It was a scathing assessment of how most of the nation’s principals are prepared: in university-based programs too eager to admit candidates and too detached from the realities of the job.

And it’s a critique that still holds true for some programs despite signs of progress, said Arthur Levine, the former president of Teachers College, Columbia University, who rendered that harsh evaluation of university-based principal preparation in a 2005 report, Educating School Leaders.

More than a decade since—and despite a mountain of research that makes clear the connection between strong principals and rising student achievement—the ways in which many university-based programs train future school leaders have not dramatically changed.

But pressure has been mounting from both inside and outside the halls of academia to revamp university-based preparation. And calls for states to play a more aggressive role in ensuring that principals are qualified and ready for the complex job that awaits them are amplifying. Some of that pressure has come from longtime education professors, philanthropic foundations, and school district leaders who say too many graduates of traditional programs are not qualified to lead schools.

The vast majority of school leaders are trained in university settings, even as alternatives have emerged to compete with traditional higher education in recent years. School leadership experts agree that if the nation is to succeed in producing the mass numbers of effective principals needed to lead schools, then university-based programs must become more rigorous and relevant to the demands of the profession.

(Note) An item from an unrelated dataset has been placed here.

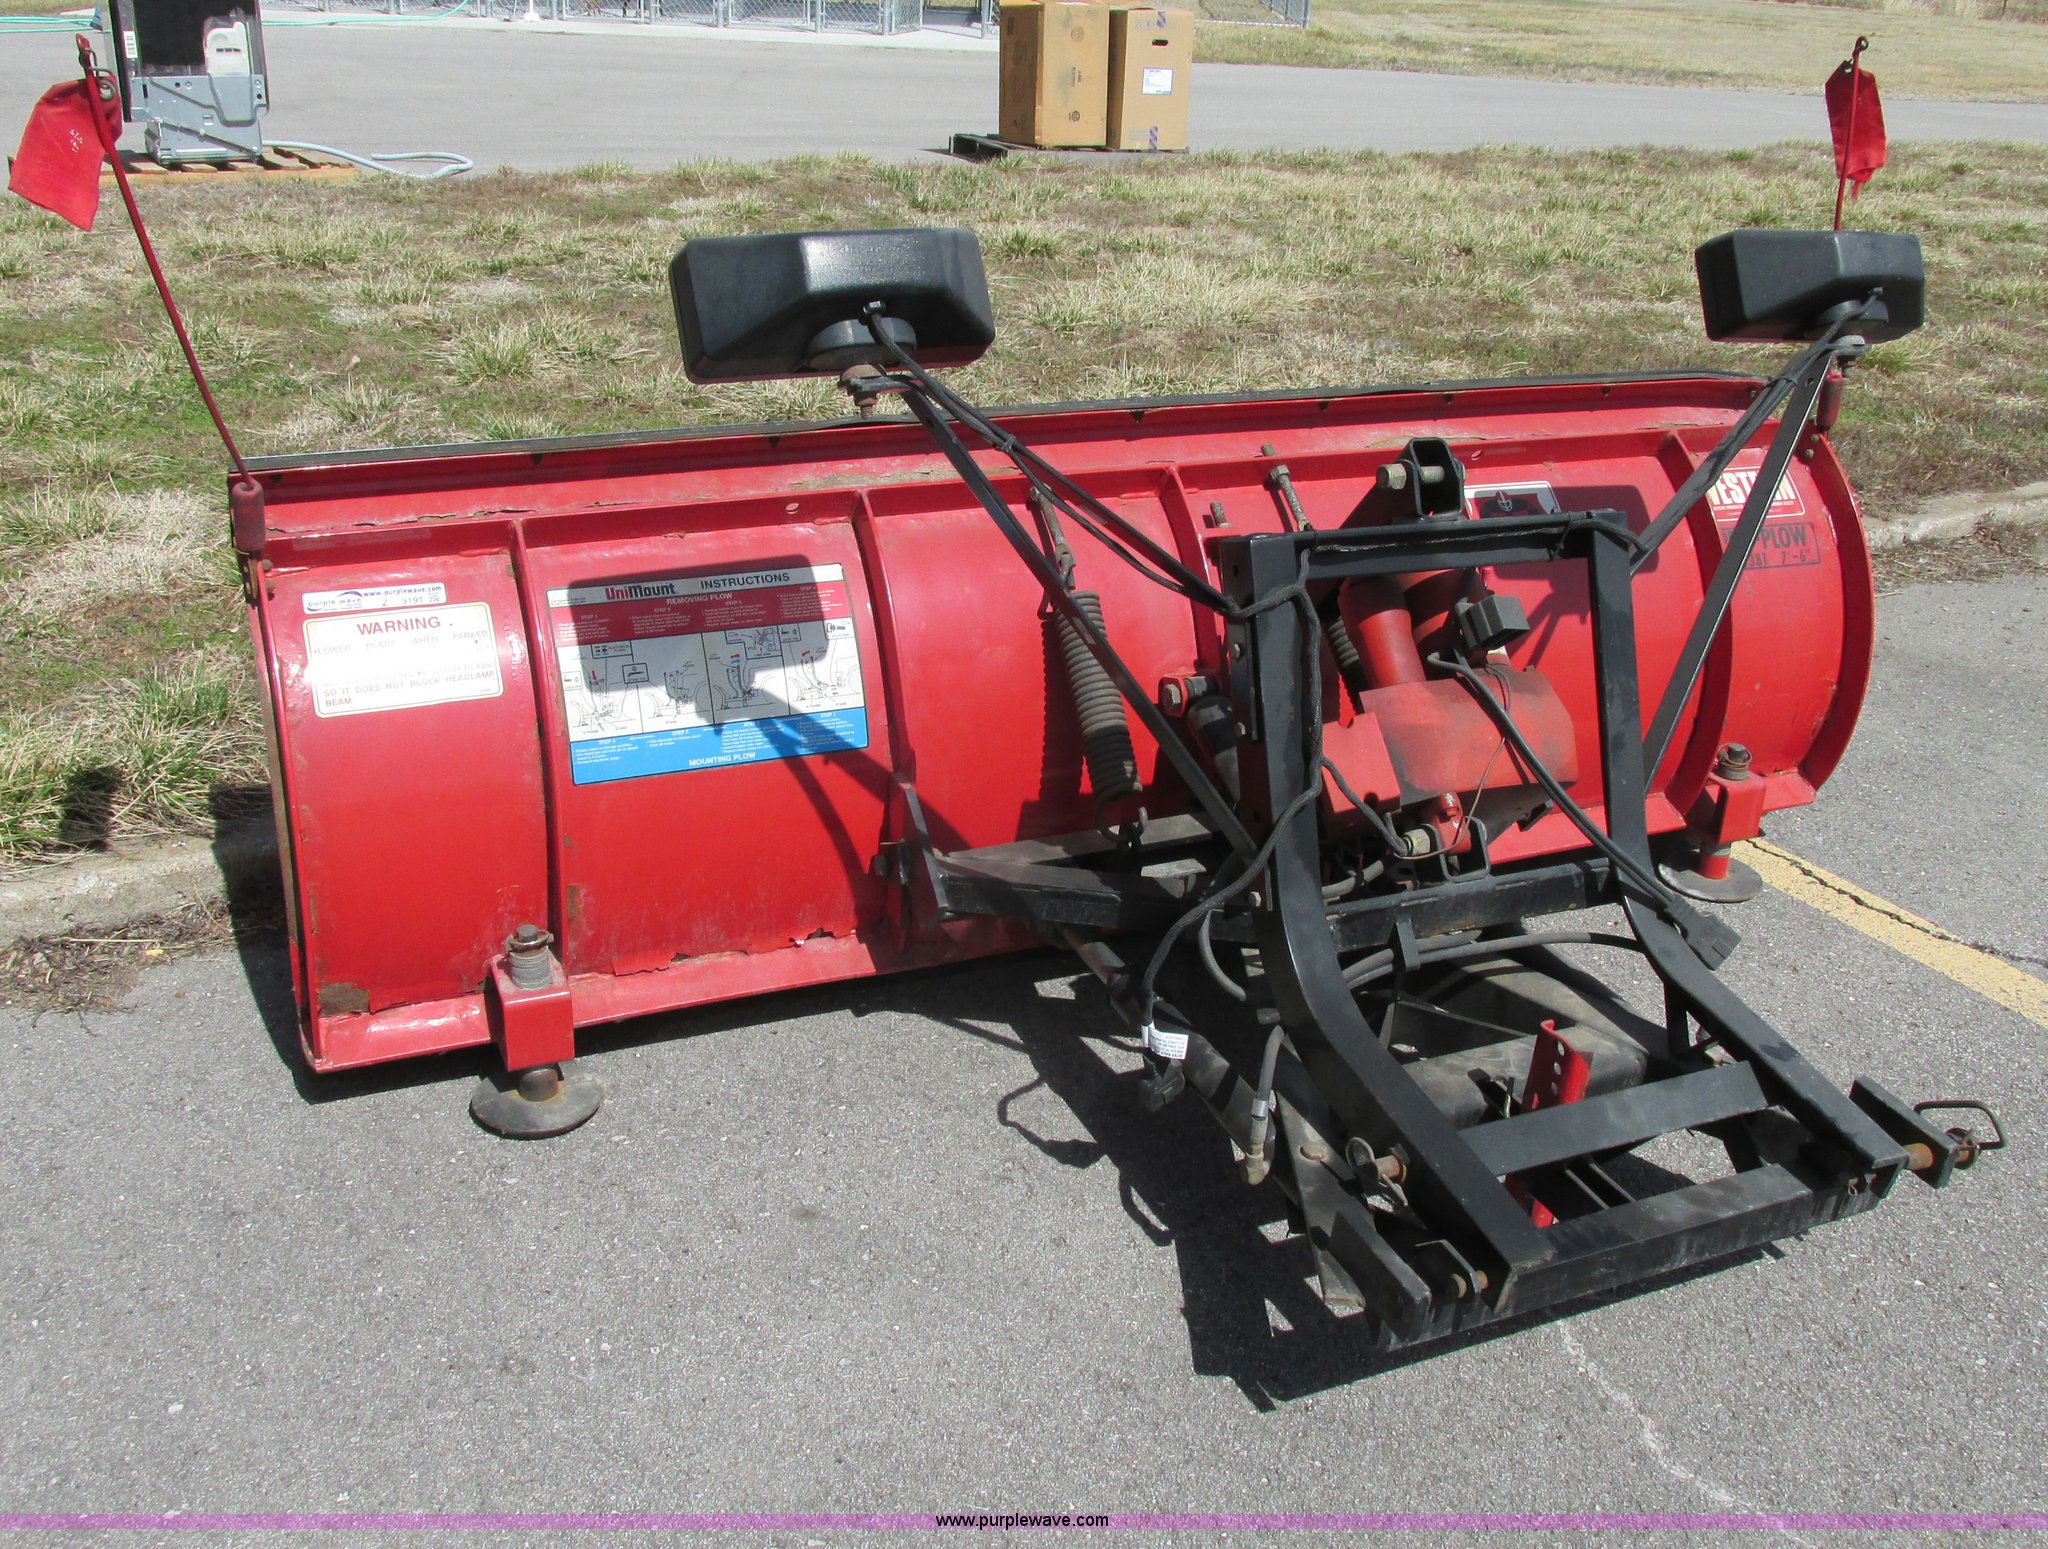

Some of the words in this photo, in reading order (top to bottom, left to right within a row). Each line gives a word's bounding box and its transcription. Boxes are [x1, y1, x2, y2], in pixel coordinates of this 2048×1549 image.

“We have the capacity in higher ed to do this job right at scale, and really no other organization or agency does,” said Steve Tozer, an education professor at the University of Illinois at Chicago, which overhauled its school leadership preparation more than a decade ago. But, he said, universities must do so “by working in collaboration with school districts to pull it off.”

A Complex Job

In today’s schools, principals are expected to be the lead teachers, coaching and supporting teachers in the classroom to improve their craft. And they can’t just focus on the academics, they must be caretakers of the students in their schools. They set a school’s collective attitude toward student and teacher success and sense of belonging. They are called on to be the chief spokespersons for their schools and ambassadors to the broader community, while still overseeing day-to-day operations.

Without a principal who can do all of this, the best teachers are not likely to stick around.

Many university-based programs, however, have not evolved fast enough to give principal-candidates the academic training and practical experience necessary to hit the ground running, according to some of the most recent research. But some education professors counter that the criticism of university programs dates back years, is often vague, and fails to give higher education more credit for changes it has embraced. And the key driver in all of this is not simply the universities, but the states, they argue.

In a 2016 review on some university-based preparation programs, the Wallace Foundation found some of the same deficiencies that Levine detailed more than a decade earlier. Among them: curriculum that does not mirror what principals were expected to do; not enough meaningful on-the-job experiences; a dearth of strong partnerships with school districts where their graduates will work; and too many professors who were not teachers or principals or have been out of a K-12 school setting for a long time. (The Wallace Foundation helps support coverage of leadership issues in Education Week, which retains sole editorial control.)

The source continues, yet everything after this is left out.